(Referring expression grounding data)
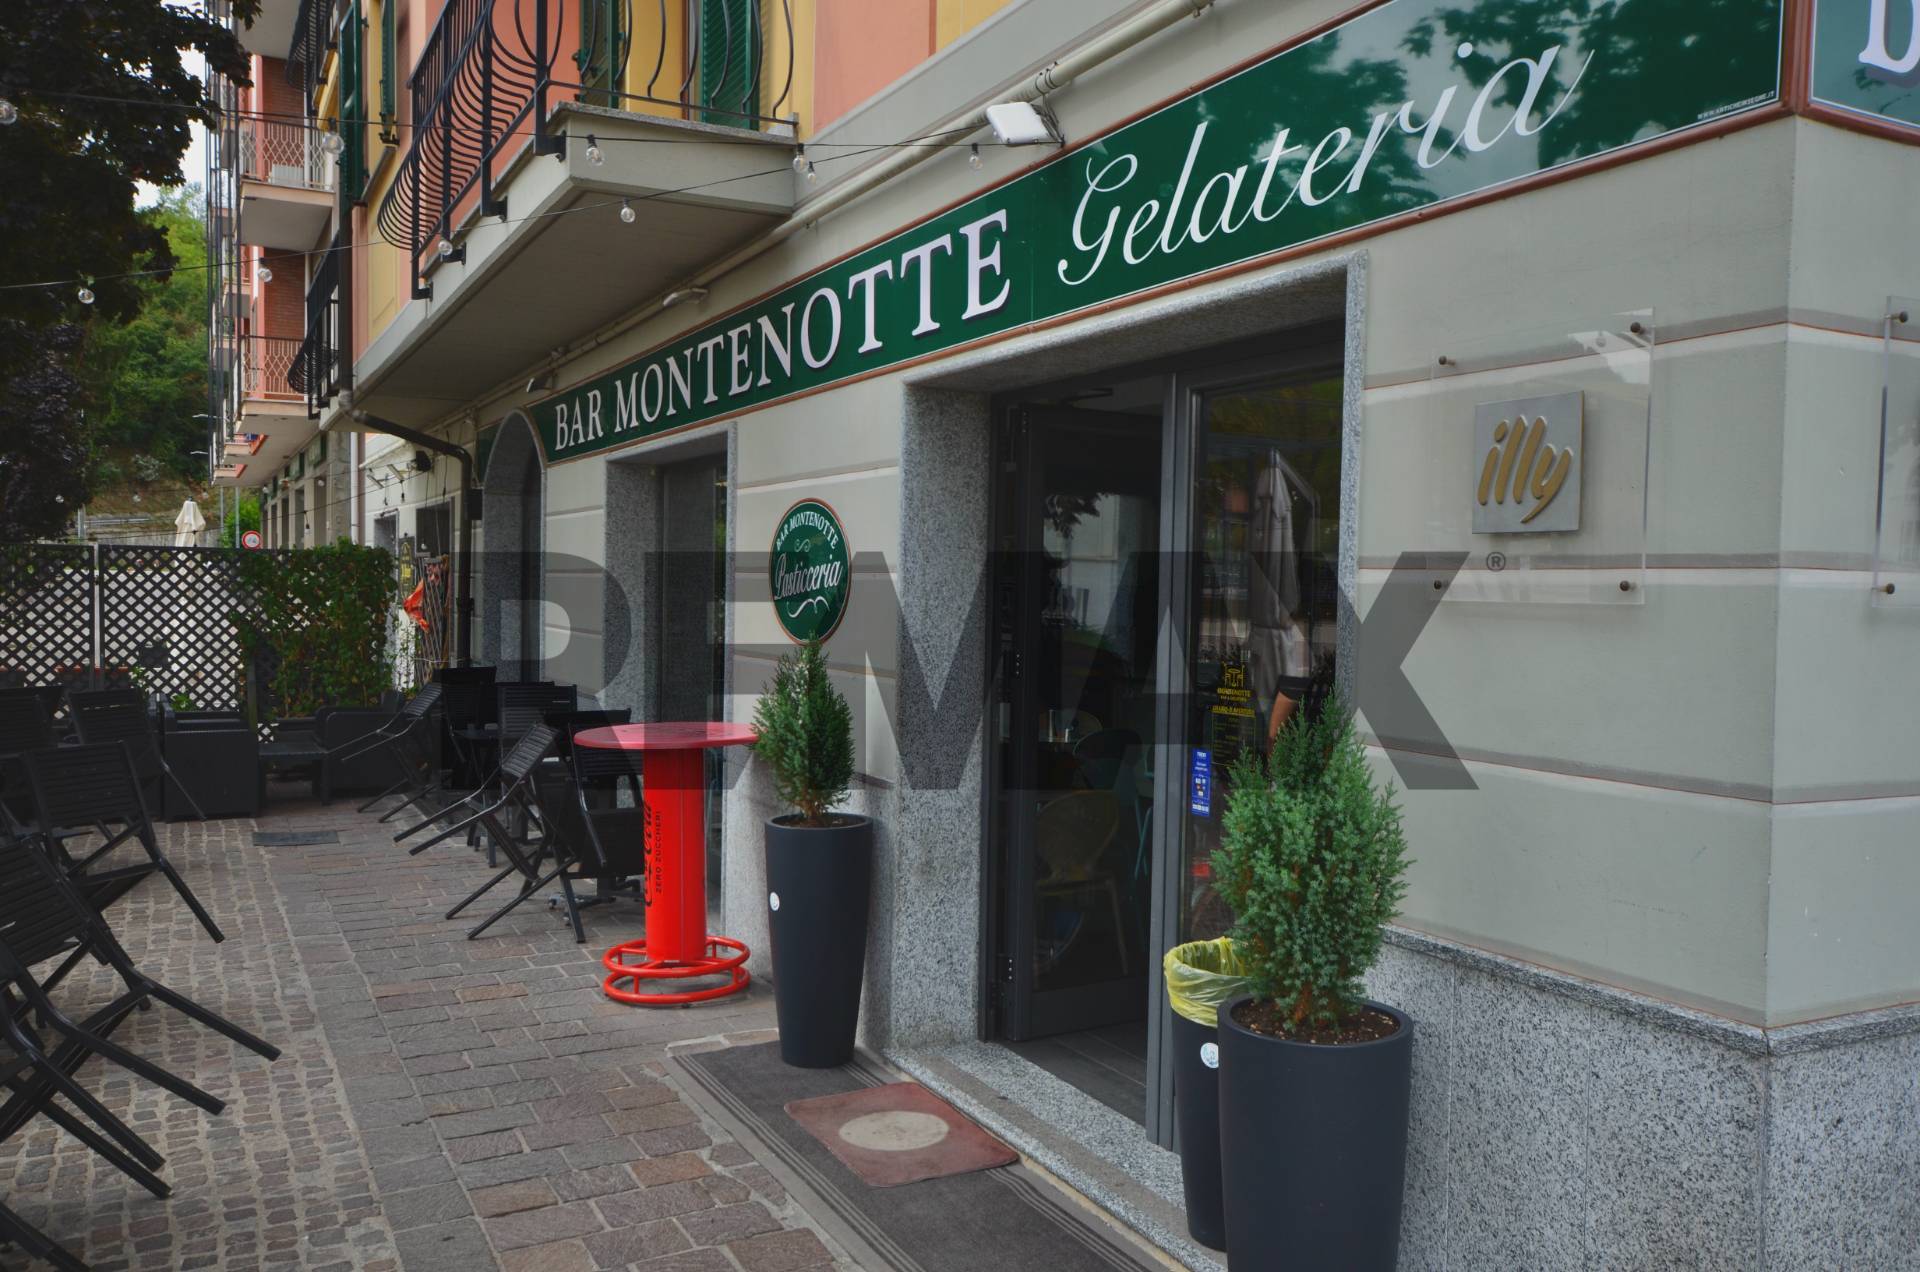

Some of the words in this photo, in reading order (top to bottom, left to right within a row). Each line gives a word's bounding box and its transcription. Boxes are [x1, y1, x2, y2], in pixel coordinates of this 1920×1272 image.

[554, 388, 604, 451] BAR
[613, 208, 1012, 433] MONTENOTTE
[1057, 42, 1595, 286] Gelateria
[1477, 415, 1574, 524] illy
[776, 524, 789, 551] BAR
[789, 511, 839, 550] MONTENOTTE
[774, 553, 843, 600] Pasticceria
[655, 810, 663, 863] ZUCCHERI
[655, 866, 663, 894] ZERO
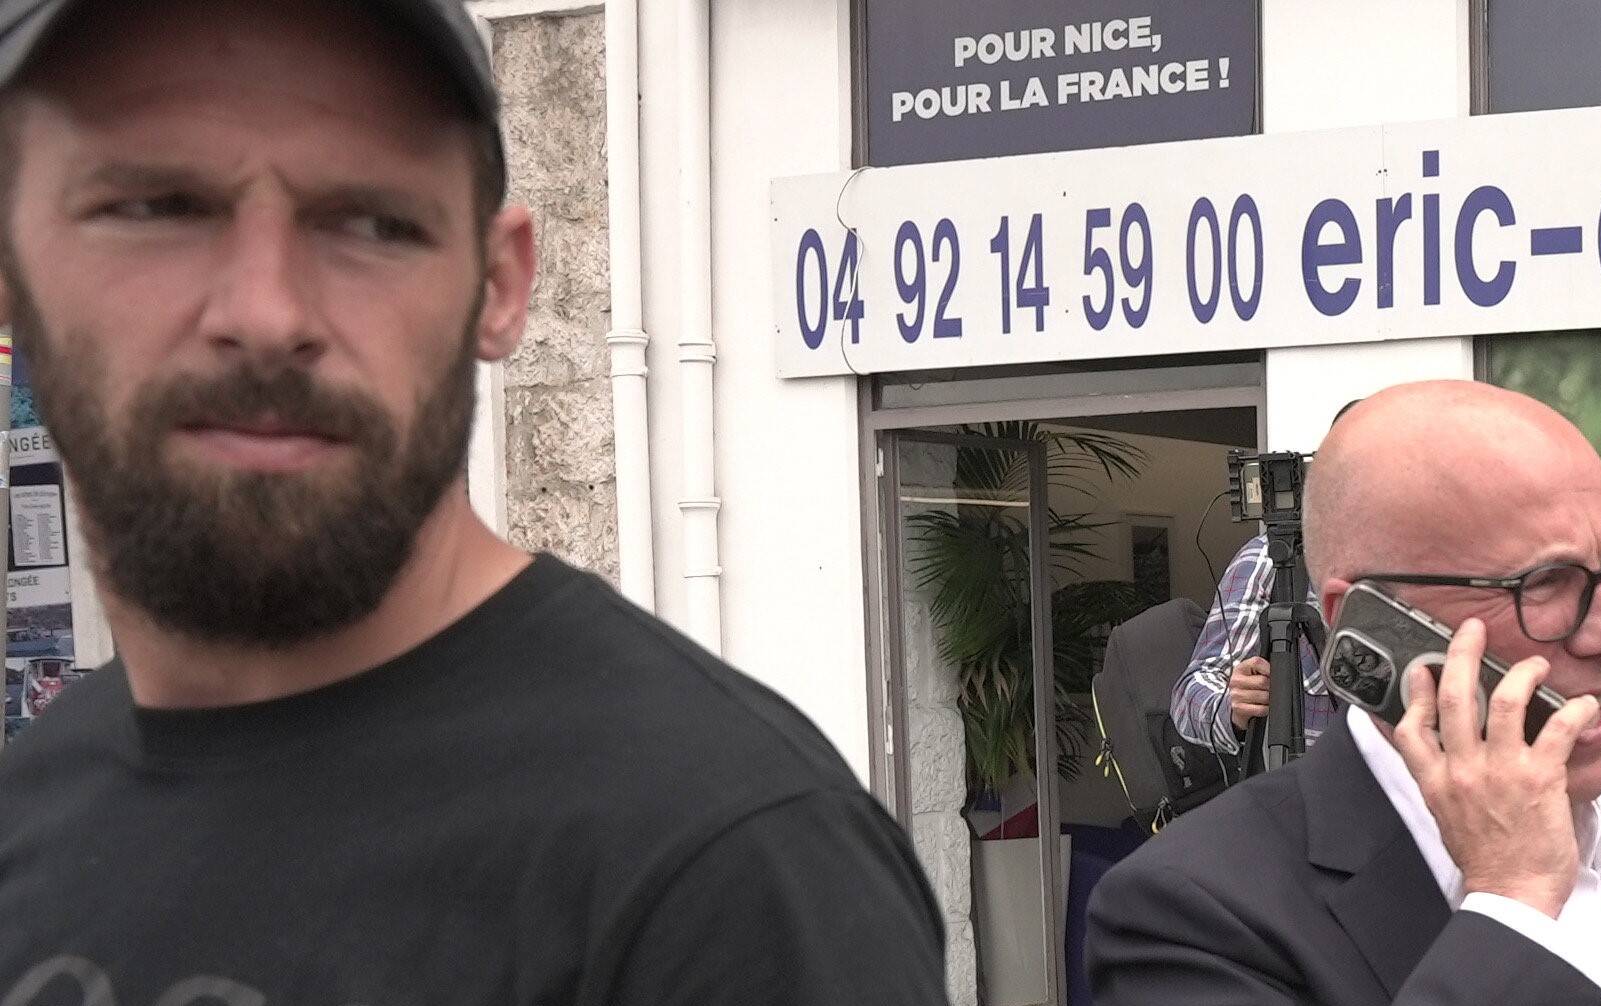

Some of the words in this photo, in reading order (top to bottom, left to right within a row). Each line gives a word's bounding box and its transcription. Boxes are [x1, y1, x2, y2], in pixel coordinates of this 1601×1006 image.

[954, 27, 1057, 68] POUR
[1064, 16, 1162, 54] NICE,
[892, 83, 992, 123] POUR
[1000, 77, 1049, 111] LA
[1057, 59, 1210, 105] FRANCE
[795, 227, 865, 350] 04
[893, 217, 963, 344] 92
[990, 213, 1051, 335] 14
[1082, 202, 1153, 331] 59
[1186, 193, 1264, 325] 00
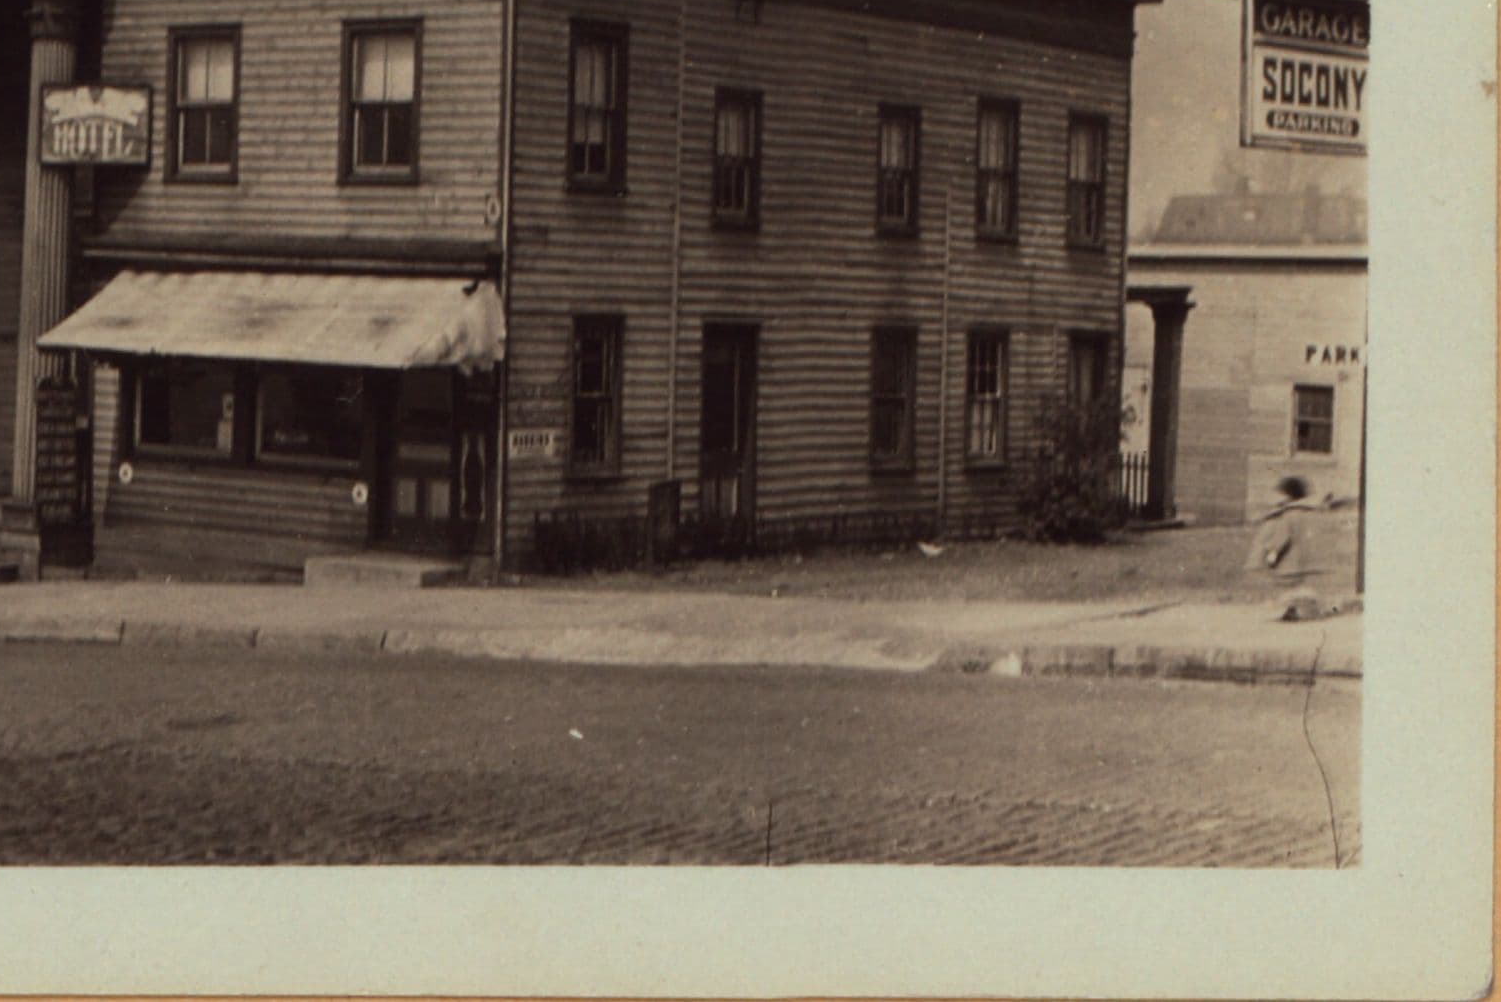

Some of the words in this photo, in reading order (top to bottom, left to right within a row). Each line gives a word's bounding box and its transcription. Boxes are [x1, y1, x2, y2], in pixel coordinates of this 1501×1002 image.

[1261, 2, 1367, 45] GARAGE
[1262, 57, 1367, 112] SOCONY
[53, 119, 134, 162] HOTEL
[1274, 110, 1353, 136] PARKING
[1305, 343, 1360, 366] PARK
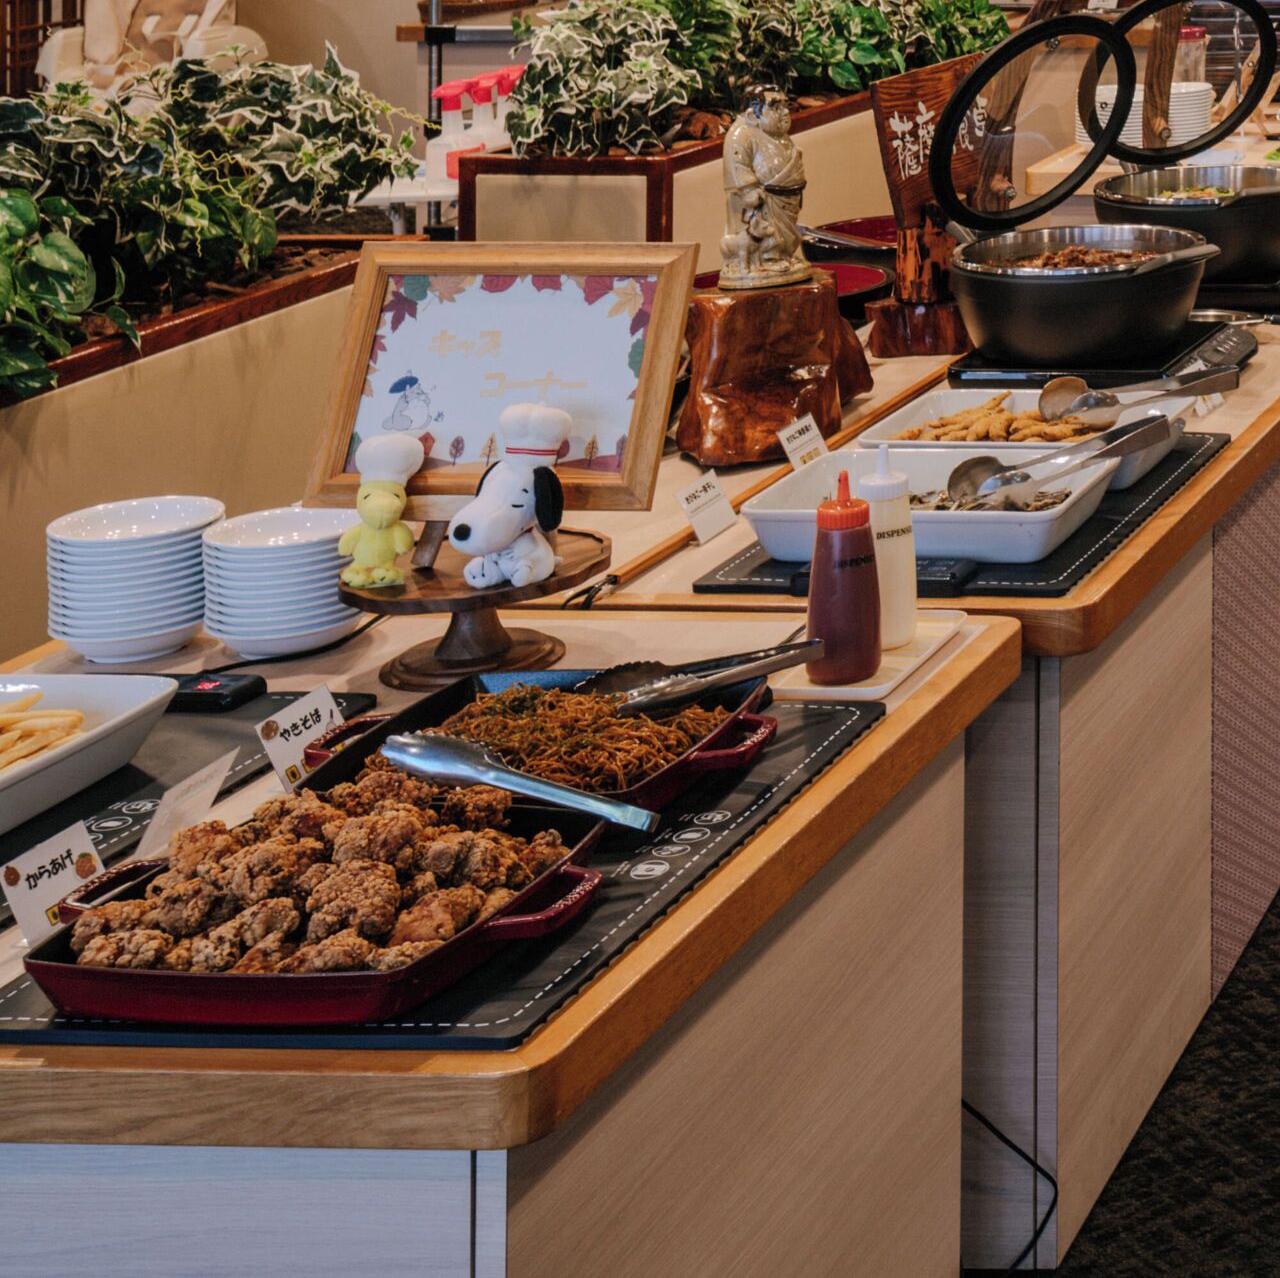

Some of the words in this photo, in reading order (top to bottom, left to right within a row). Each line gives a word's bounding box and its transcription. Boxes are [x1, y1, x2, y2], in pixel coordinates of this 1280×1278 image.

## [Instructions for the task]
For this exercise, transcribe the data above line by line, exactly, with pictures omitted.

## [Response below]
Some of the words in this photo, in reading order (top to bottom, left to right within a row). Each line gives a word's bounding box and its transcription. Boxes are [x1, y1, x2, y2], in pixel coordinates of this 1920×1272 image.

[554, 388, 604, 451] BAR
[613, 208, 1012, 433] MONTENOTTE
[1057, 42, 1595, 286] Gelateria
[1477, 415, 1574, 524] illy
[776, 524, 789, 551] BAR
[789, 511, 839, 550] MONTENOTTE
[774, 553, 843, 600] Pasticceria
[655, 810, 663, 863] ZUCCHERI
[655, 866, 663, 894] ZERO

Some of the words in this photo, in reading order (top to bottom, left to right within a row). Each line gives a word's bounding box and its transcription. Boxes are [x1, y1, x2, y2], in pixel coordinates of this 1601×1006 image.

[954, 27, 1057, 68] POUR
[1064, 16, 1162, 54] NICE,
[892, 83, 992, 123] POUR
[1000, 77, 1049, 111] LA
[1057, 59, 1210, 105] FRANCE
[795, 227, 865, 350] 04
[893, 217, 963, 344] 92
[990, 213, 1051, 335] 14
[1082, 202, 1153, 331] 59
[1186, 193, 1264, 325] 00

Some of the words in this photo, in reading order (top to bottom, left to right within a row). Each line gives a word's bounding box and its transcription. Boxes are [x1, y1, x2, y2], in pixel coordinates of this 1501×1002 image.

[1261, 2, 1367, 45] GARAGE
[1262, 57, 1367, 112] SOCONY
[53, 119, 134, 162] HOTEL
[1274, 110, 1353, 136] PARKING
[1305, 343, 1360, 366] PARK

Some of the words in this photo, in reading order (top to bottom, left to right within a row). Each line gives a word's bounding box and its transcription. Boxes are [x1, y1, x2, y2], in pixel coordinates of this 1280×1278 image.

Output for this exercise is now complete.